BRIEF: Reproduce each line of the following material exactly, omitting the images.
BEGIN DATASET EXCERPTS
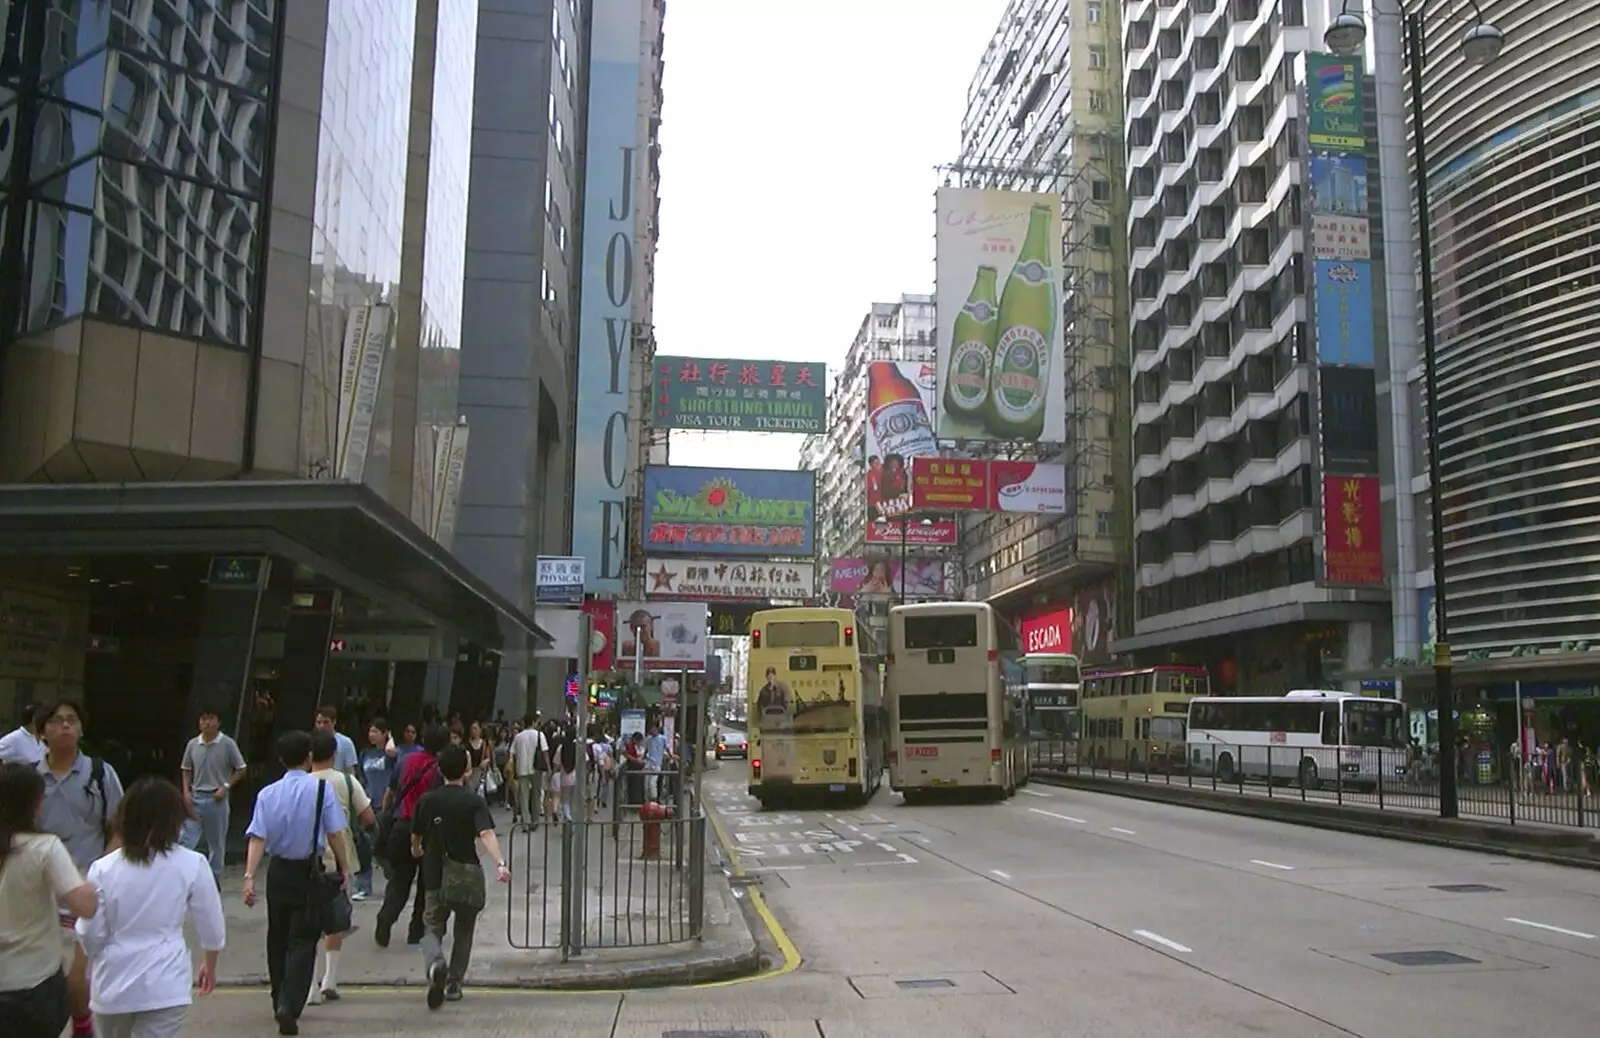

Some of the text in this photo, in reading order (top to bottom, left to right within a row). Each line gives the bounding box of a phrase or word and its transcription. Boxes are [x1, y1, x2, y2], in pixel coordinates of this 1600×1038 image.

[597, 147, 635, 580] JOYCE
[356, 333, 384, 413] SHOPPING
[679, 397, 814, 417] SHOESTRING TRAVEL
[675, 414, 819, 429] VISA TOUR TICKETING
[677, 584, 702, 593] CHINA
[703, 585, 732, 594] TRAVEL
[734, 586, 766, 596] SERVICE
[1029, 624, 1061, 652] ESCADA
[798, 658, 808, 668] 9
[735, 840, 864, 856] STOP
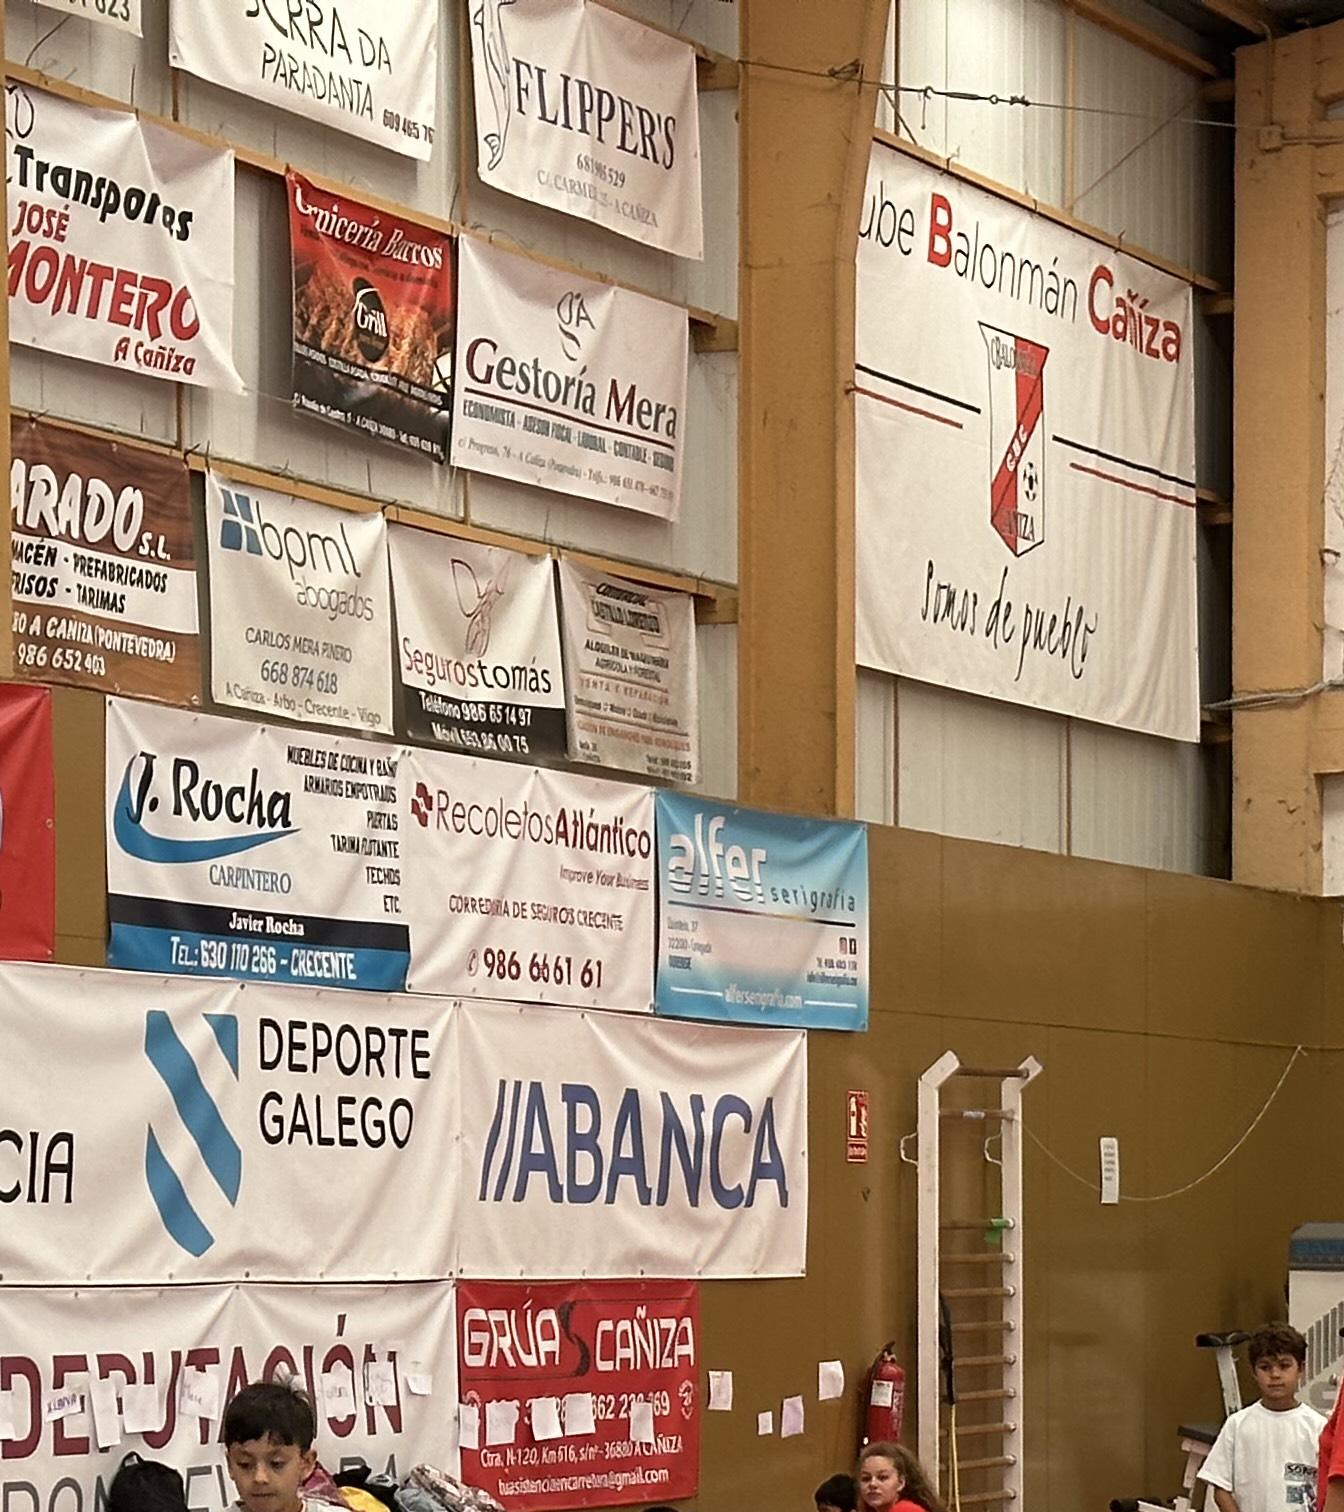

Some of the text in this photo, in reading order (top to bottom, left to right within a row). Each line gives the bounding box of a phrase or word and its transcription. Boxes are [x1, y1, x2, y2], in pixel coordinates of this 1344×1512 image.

[358, 28, 392, 74] DA
[261, 42, 374, 121] PARADANTA
[512, 57, 676, 170] FLIPPER'S
[12, 201, 70, 243] JOSÉ
[385, 227, 443, 270] Barros
[927, 191, 1079, 324] Balonmán
[355, 302, 388, 339] Grill
[134, 342, 196, 376] Cañiza
[465, 337, 596, 417] Gestoría
[605, 378, 677, 440] Mera
[138, 532, 171, 560] S.L.
[256, 500, 362, 578] bpml
[73, 552, 168, 593] PREFABRICADOS
[76, 584, 126, 614] TARIMAS
[296, 576, 374, 624] abogados
[94, 624, 177, 664] (PONTEVEDRA)
[245, 627, 291, 650] CARLOS
[1014, 594, 1099, 682] pueblo
[18, 642, 106, 676] 986 652 403
[260, 659, 338, 695] 668 874 618
[402, 637, 552, 694] Segurostomás
[305, 697, 350, 720] Crecente
[357, 706, 381, 726] Vigo
[418, 691, 487, 723] Teléfono 986
[126, 751, 292, 829] J. Rocha
[209, 864, 292, 894] CARPINTERO
[366, 866, 400, 886] TECHOS
[560, 866, 593, 886] Improve
[668, 813, 767, 905] alfer
[229, 912, 305, 937] Javier Rocha
[448, 894, 575, 927] CORREDURÍA SEGUROS
[200, 939, 357, 980] 630 110 266 CRECENTE
[483, 948, 603, 989] 986 61
[259, 1018, 432, 1080] DEPORTE
[259, 1090, 414, 1150] GALEGO
[595, 1305, 695, 1372] CAÑIZA
END DATASET EXCERPTS
EXPECTED ANSWER:
Some of the text in this photo, in reading order (top to bottom, left to right within a row). Each line gives the bounding box of a phrase or word and its transcription. Boxes are [x1, y1, x2, y2], in pixel coordinates of this 1600×1038 image.

[597, 147, 635, 580] JOYCE
[356, 333, 384, 413] SHOPPING
[679, 397, 814, 417] SHOESTRING TRAVEL
[675, 414, 819, 429] VISA TOUR TICKETING
[677, 584, 702, 593] CHINA
[703, 585, 732, 594] TRAVEL
[734, 586, 766, 596] SERVICE
[1029, 624, 1061, 652] ESCADA
[798, 658, 808, 668] 9
[735, 840, 864, 856] STOP

Some of the text in this photo, in reading order (top to bottom, left to right within a row). Each line gives the bounding box of a phrase or word and its transcription. Boxes are [x1, y1, x2, y2], in pixel coordinates of this 1344×1512 image.

[358, 28, 392, 74] DA
[261, 42, 374, 121] PARADANTA
[512, 57, 676, 170] FLIPPER'S
[12, 201, 70, 243] JOSÉ
[385, 227, 443, 270] Barros
[927, 191, 1079, 324] Balonmán
[355, 302, 388, 339] Grill
[134, 342, 196, 376] Cañiza
[465, 337, 596, 417] Gestoría
[605, 378, 677, 440] Mera
[138, 532, 171, 560] S.L.
[256, 500, 362, 578] bpml
[73, 552, 168, 593] PREFABRICADOS
[76, 584, 126, 614] TARIMAS
[296, 576, 374, 624] abogados
[94, 624, 177, 664] (PONTEVEDRA)
[245, 627, 291, 650] CARLOS
[1014, 594, 1099, 682] pueblo
[18, 642, 106, 676] 986 652 403
[260, 659, 338, 695] 668 874 618
[402, 637, 552, 694] Segurostomás
[305, 697, 350, 720] Crecente
[357, 706, 381, 726] Vigo
[418, 691, 487, 723] Teléfono 986
[126, 751, 292, 829] J. Rocha
[209, 864, 292, 894] CARPINTERO
[366, 866, 400, 886] TECHOS
[560, 866, 593, 886] Improve
[668, 813, 767, 905] alfer
[229, 912, 305, 937] Javier Rocha
[448, 894, 575, 927] CORREDURÍA SEGUROS
[200, 939, 357, 980] 630 110 266 CRECENTE
[483, 948, 603, 989] 986 61
[259, 1018, 432, 1080] DEPORTE
[259, 1090, 414, 1150] GALEGO
[595, 1305, 695, 1372] CAÑIZA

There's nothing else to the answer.